### DATA FOR THIS TASK
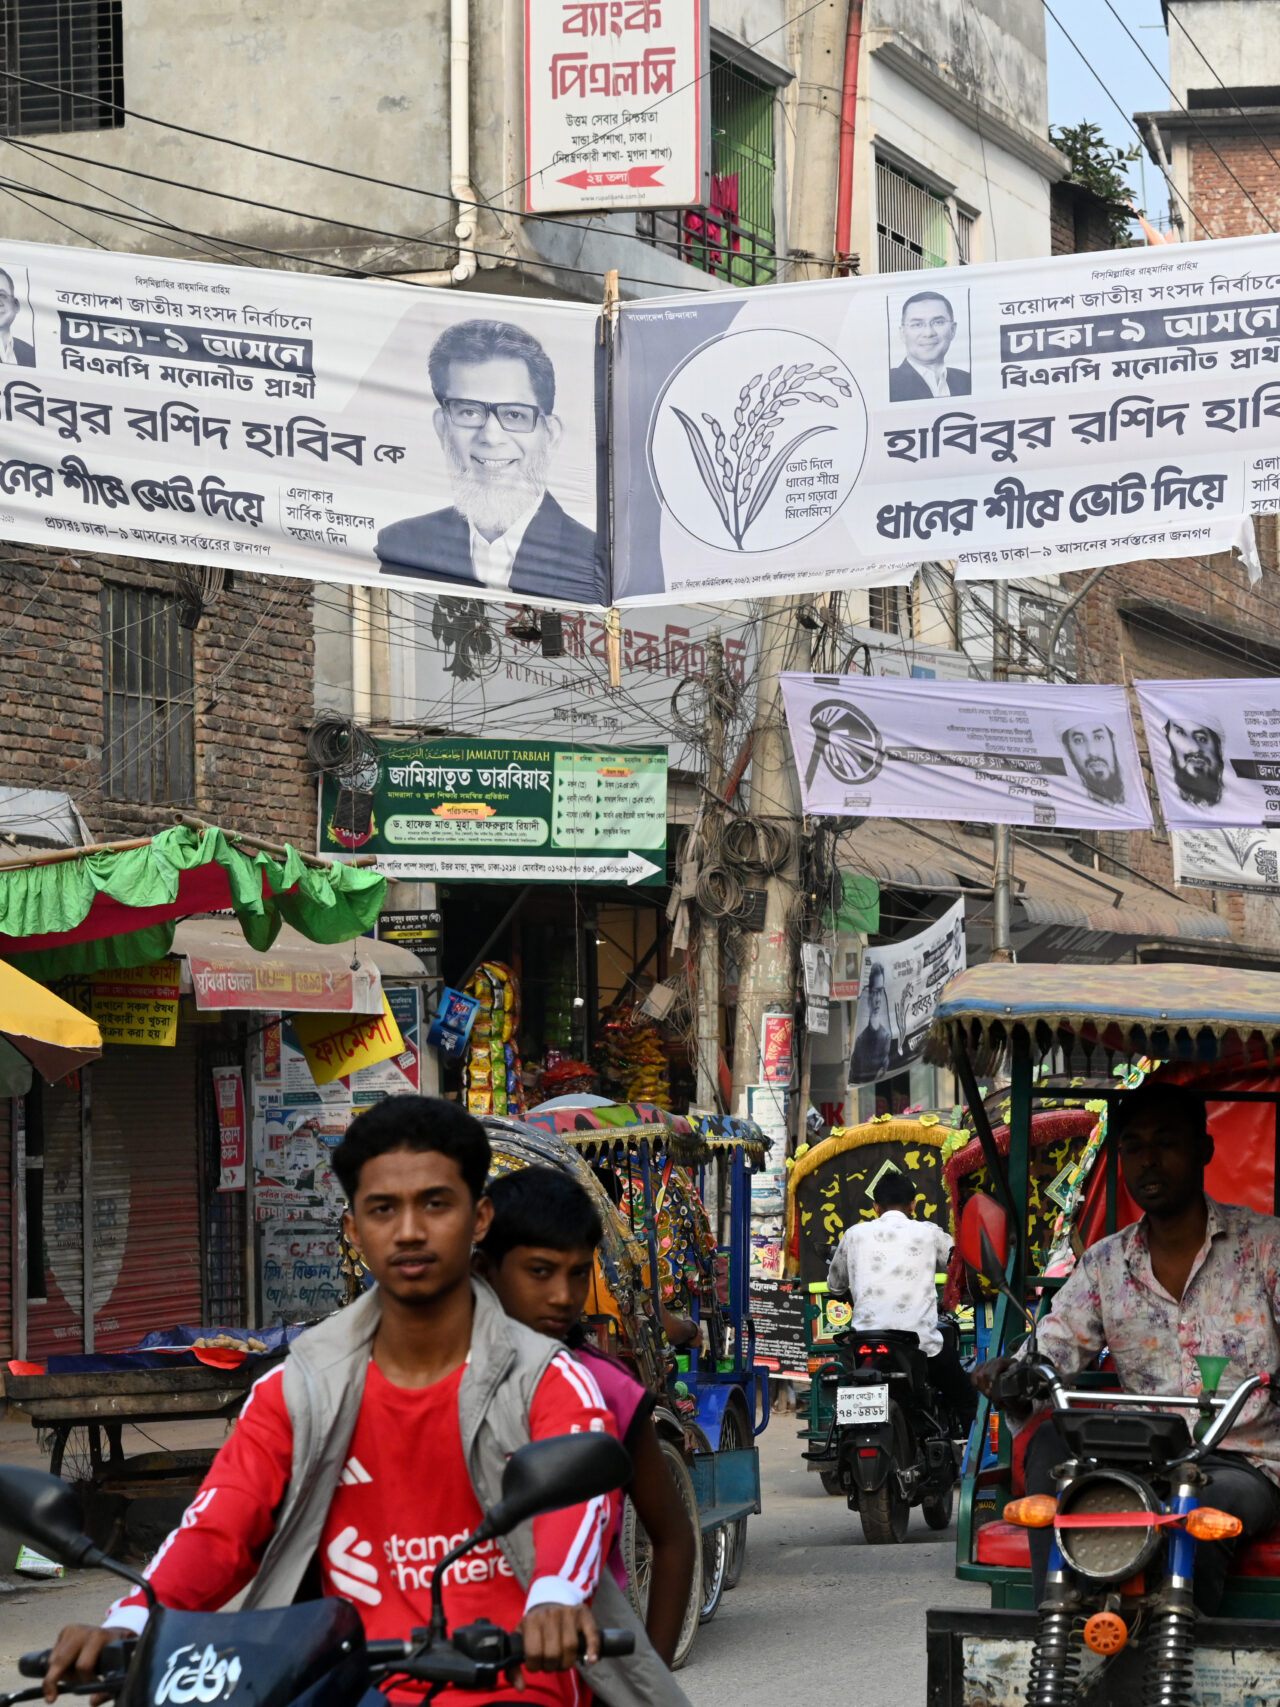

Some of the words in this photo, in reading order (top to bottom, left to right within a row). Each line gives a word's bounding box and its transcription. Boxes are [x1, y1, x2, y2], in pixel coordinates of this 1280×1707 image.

[563, 0, 661, 38] ব্যাংক
[549, 47, 676, 100] পিএলসি
[565, 114, 588, 127] উত্তম
[591, 112, 618, 125] সেবার
[622, 110, 658, 125] নিশ্চয়তা
[572, 136, 589, 147] মান্ডা
[629, 133, 647, 144] ঢাকা
[57, 290, 122, 310] ত্রয়োদশ
[127, 298, 182, 317] জাতীয়
[187, 304, 236, 323] সংসদ
[241, 306, 311, 330] নির্বাচনে
[999, 294, 1074, 315] ত্রয়োদশ
[1079, 285, 1142, 306] জাতীয়
[1148, 282, 1204, 299] সংসদ
[66, 318, 187, 352] ঢাকা-৯
[201, 334, 304, 368] আসনে
[1007, 318, 1145, 353] ঢাকা-৯
[1163, 305, 1278, 337] আসনে
[62, 348, 149, 379] বিএনপি
[159, 365, 253, 391] মনোনীত
[265, 371, 316, 399] প্রার্থী
[1001, 357, 1100, 388] বিএনপি
[1111, 346, 1218, 378] মনোনীত
[0, 380, 112, 442] বিবুর
[124, 401, 230, 449] রশিদ
[242, 415, 366, 465] হাবিব
[374, 444, 405, 463] কে
[884, 412, 1055, 463] হাবিবুর
[1068, 395, 1189, 444] রশিদ
[786, 459, 807, 472] ভোট
[809, 459, 832, 469] দিলে
[786, 476, 814, 487] ধানের
[816, 472, 839, 484] শীষে
[56, 455, 129, 508] শীষে
[130, 475, 195, 512] ভোট
[197, 475, 264, 527] দিয়ে
[286, 488, 332, 503] এলাকার
[785, 493, 805, 503] দেশ
[808, 490, 837, 502] গড়বো
[876, 498, 977, 539] ধানের
[983, 477, 1063, 529] শীষে
[1069, 472, 1146, 522] ভোট
[1151, 465, 1227, 511] দিয়ে
[286, 505, 321, 521] সার্বিক
[324, 508, 374, 529] উন্নয়নের
[786, 506, 832, 520] মিলেমিশে
[466, 750, 509, 761] JAMIATUT
[512, 751, 550, 761] TARBIAH
[388, 761, 472, 792] জামিয়াতুত
[476, 763, 551, 792] তারবিয়াহ
[452, 1004, 471, 1012] Rin

### YOUR OBJECTIVE
Everything in the records except the pictures is to be repeated exactly.

### ANSWER FOR THIS EXERCISE
Some of the words in this photo, in reading order (top to bottom, left to right within a row). Each line gives a word's bounding box and its transcription. Boxes are [x1, y1, x2, y2], in pixel coordinates of this 1280×1707 image.

[563, 0, 661, 38] ব্যাংক
[549, 47, 676, 100] পিএলসি
[565, 114, 588, 127] উত্তম
[591, 112, 618, 125] সেবার
[622, 110, 658, 125] নিশ্চয়তা
[572, 136, 589, 147] মান্ডা
[629, 133, 647, 144] ঢাকা
[57, 290, 122, 310] ত্রয়োদশ
[127, 298, 182, 317] জাতীয়
[187, 304, 236, 323] সংসদ
[241, 306, 311, 330] নির্বাচনে
[999, 294, 1074, 315] ত্রয়োদশ
[1079, 285, 1142, 306] জাতীয়
[1148, 282, 1204, 299] সংসদ
[66, 318, 187, 352] ঢাকা-৯
[201, 334, 304, 368] আসনে
[1007, 318, 1145, 353] ঢাকা-৯
[1163, 305, 1278, 337] আসনে
[62, 348, 149, 379] বিএনপি
[159, 365, 253, 391] মনোনীত
[265, 371, 316, 399] প্রার্থী
[1001, 357, 1100, 388] বিএনপি
[1111, 346, 1218, 378] মনোনীত
[0, 380, 112, 442] বিবুর
[124, 401, 230, 449] রশিদ
[242, 415, 366, 465] হাবিব
[374, 444, 405, 463] কে
[884, 412, 1055, 463] হাবিবুর
[1068, 395, 1189, 444] রশিদ
[786, 459, 807, 472] ভোট
[809, 459, 832, 469] দিলে
[786, 476, 814, 487] ধানের
[816, 472, 839, 484] শীষে
[56, 455, 129, 508] শীষে
[130, 475, 195, 512] ভোট
[197, 475, 264, 527] দিয়ে
[286, 488, 332, 503] এলাকার
[785, 493, 805, 503] দেশ
[808, 490, 837, 502] গড়বো
[876, 498, 977, 539] ধানের
[983, 477, 1063, 529] শীষে
[1069, 472, 1146, 522] ভোট
[1151, 465, 1227, 511] দিয়ে
[286, 505, 321, 521] সার্বিক
[324, 508, 374, 529] উন্নয়নের
[786, 506, 832, 520] মিলেমিশে
[466, 750, 509, 761] JAMIATUT
[512, 751, 550, 761] TARBIAH
[388, 761, 472, 792] জামিয়াতুত
[476, 763, 551, 792] তারবিয়াহ
[452, 1004, 471, 1012] Rin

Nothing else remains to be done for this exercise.